FILED: November 18, 2009







Board of Parole and Post-Prison Supervision

Submitted on February 26, 2009.

Peter Gartlan, Chief Defender, and Marc D. Brown, Deputy Public Defender, Legal Services Division, Office of Public Defense Services, filed the brief for petitioner. John Baptiste Castro filed the supplemental brief pro se.

Hardy Myers, Attorney General, Mary H. Williams, Solicitor General, and Ryan Kahn, Assistant Attorney General, filed the brief for respondent.

Before Schuman, Presiding Judge, and Brewer, Chief Judge, and Deits, Senior Judge.


Reversed and remanded.


Petitioner is serving a life sentence for felony murder. His first parole eligibility date was February 2006. After an "exit interview" in August 2005, the Board of Parole and Post-Prison Supervision (board) postponed his parole release date for two years. Petitioner sought administrative review, which was denied. He now seeks judicial review, arguing (among other things) that the board's order is not supported by substantial evidence. ORS 144.335(3); ORS 183.482(8). We agree. We therefore reverse and remand.

In 1977, at the age of 25, petitioner murdered his stepfather, apparently at the instigation of his mother. He was not apprehended for 13 years. In the interim, he was convicted of four crimes, none involving violence. When apprehended for the murder, he confessed to the crime and was convicted of felony murder, receiving a sentence of life in prison. At the time, the Multnomah County Deputy District Attorney who prosecuted petitioner recommended to the board that, despite petitioner's extensive criminal history, he should be released after serving only 12 years. The prosecutor cited several mitigating factors, including that petitioner had accepted responsibility prior to his arrest, had voluntarily confessed 13 years after committing the offense, had stipulated to the facts of the case, had waived his right to a jury trial, and had committed the offense at the instigation of his mother. The prosecutor also noted that the victim's family did not object to the recommendation. The judge who conducted the trial joined in the recommendation. See generally Castro v. Maass, 139 Or App 69, 71, 910 P2d 1156 (1996) (explaining petitioner's sentence). The board set petitioner's parole release date for February 27, 2006, thus establishing a minimum incarceration period of 15 1/2 years.
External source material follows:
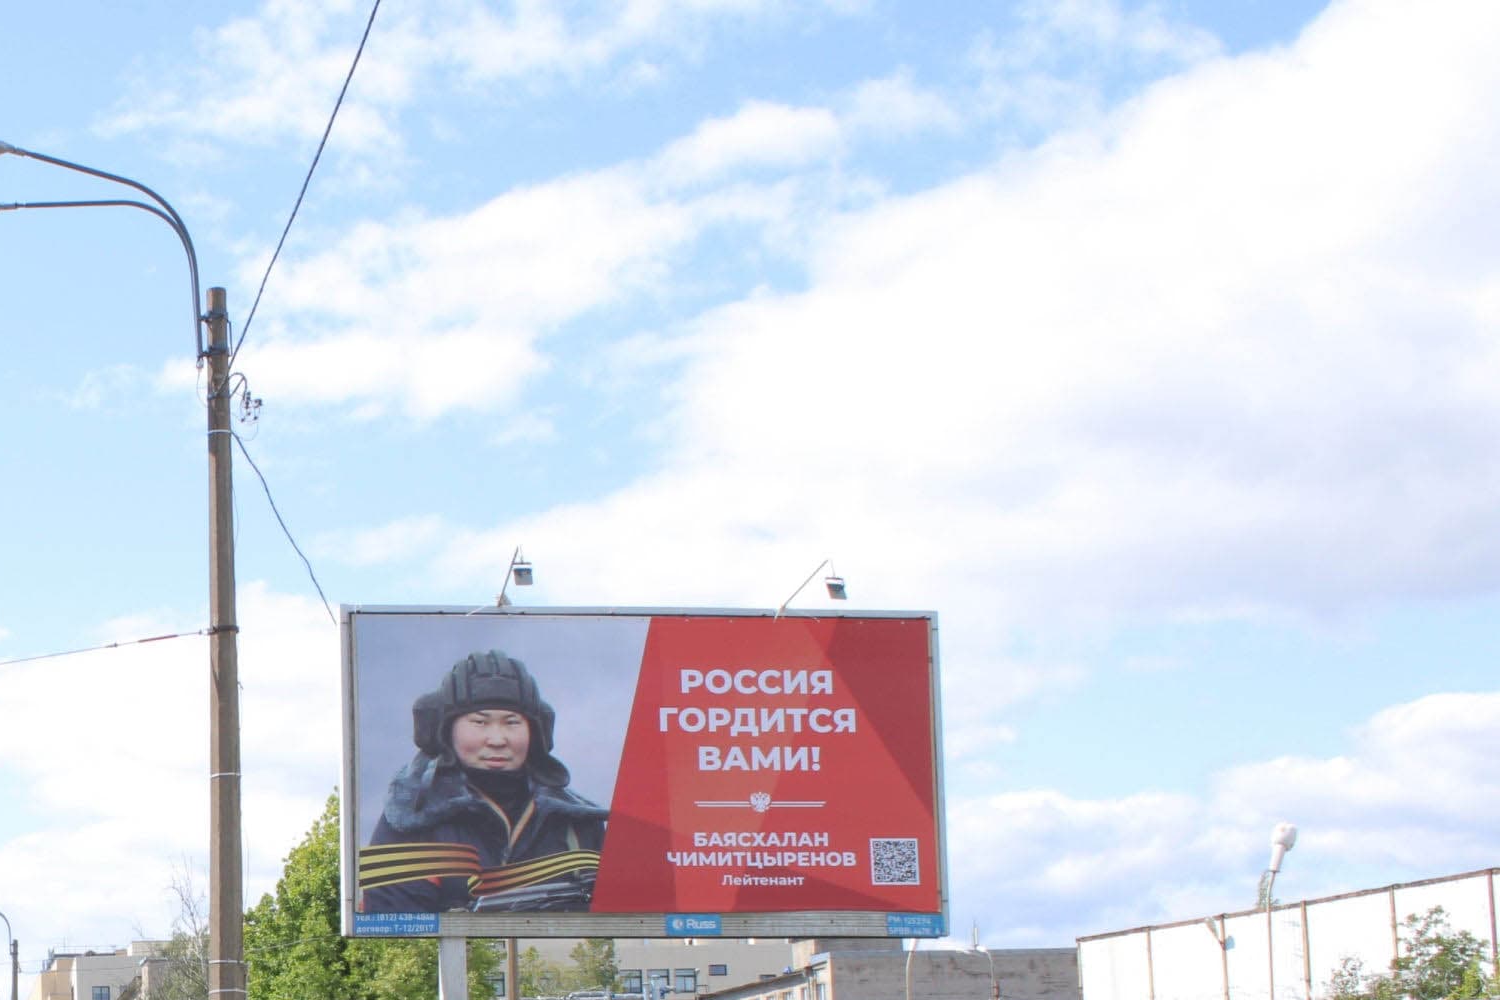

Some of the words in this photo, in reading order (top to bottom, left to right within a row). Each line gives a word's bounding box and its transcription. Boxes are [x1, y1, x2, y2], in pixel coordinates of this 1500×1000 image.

In August 2005, the board held an exit interview with petitioner as authorized under ORS 144.125(1)(1) The record shows (and the board does not dispute) that, at the time of the interview and for at least the immediately preceding 11 years, petitioner had been an exemplary inmate. At the interview, in response to questions regarding his motivation in committing the offense, petitioner stated that his "main" motivation had been financial: his mother had promised to pay a debt that petitioner owed in exchange for him killing the victim. Petitioner also cited as motivation his "drug-induced state of mind" and his mother's statement to him that the victim had sexually molested his sisters. In the letter he submitted to the board for use at the interview, petitioner wrote, "I allowed my [m]other to tell me that [the victim] had done something wrong, and that I could eliminate the financial problems I had by committing this crime. In a drug induced state of mind I agreed[.]" In that letter, he also expressed remorse and extended an apology to the victim and to the victim's family, writing, "It took me many years before I was able to stand up and take full responsibility for what I've done and today I realize the harm I've done. At no time do I ever want to minimize the seriousness of this crime."

Petitioner's letter to the board, no part of which is disputed by the board, also outlined his completion of various programs (drug and alcohol treatment, anger management, "Breaking Barriers," "Pathfinders," conflict resolution training); involvement with Alcoholics Anonymous and Narcotics Anonymous; participation in community outreach organizations, one of which he co-founded (Los Hermanos, a public safety and crime prevention project for adjudicated and "high-risk" youth); and membership in several Oregon State Penitentiary (OSP) clubs and organizations (Chicano Culture Club, 7 Step Foundation, Athletic Club, Lifers Club, Wish Program).

The board also considered several letters in support of petitioner's release, including those from the executive director of Los Hermanos; two Western Oregon University professors with whom petitioner had worked to develop, among other things, a program of English instruction for Spanish-speaking inmates; a drunk-driving accident survivor who had shared his story several times with OSP's Chicano Culture Club, of which petitioner was president from 1997 to 2002; the Western Prison Project's executive director, who had met petitioner through his involvement in several OSP organizations and recovery groups; petitioner's wife, who is an employee of a state agency (Adult and Family Services) and who owns a home in Salem; and petitioner's own psychologist at OSP, with whom petitioner had worked for eight years. Those letters described petitioner as a "leader" and "positive role model" for other prisoners and agree that he had successfully engaged the resources available to him at OSP to "not only change his former behavior, but also to make a positive contribution to society while still an inmate." (Letter of Dr. Maureen Dolan, Professor of Sociology, Western Oregon University.)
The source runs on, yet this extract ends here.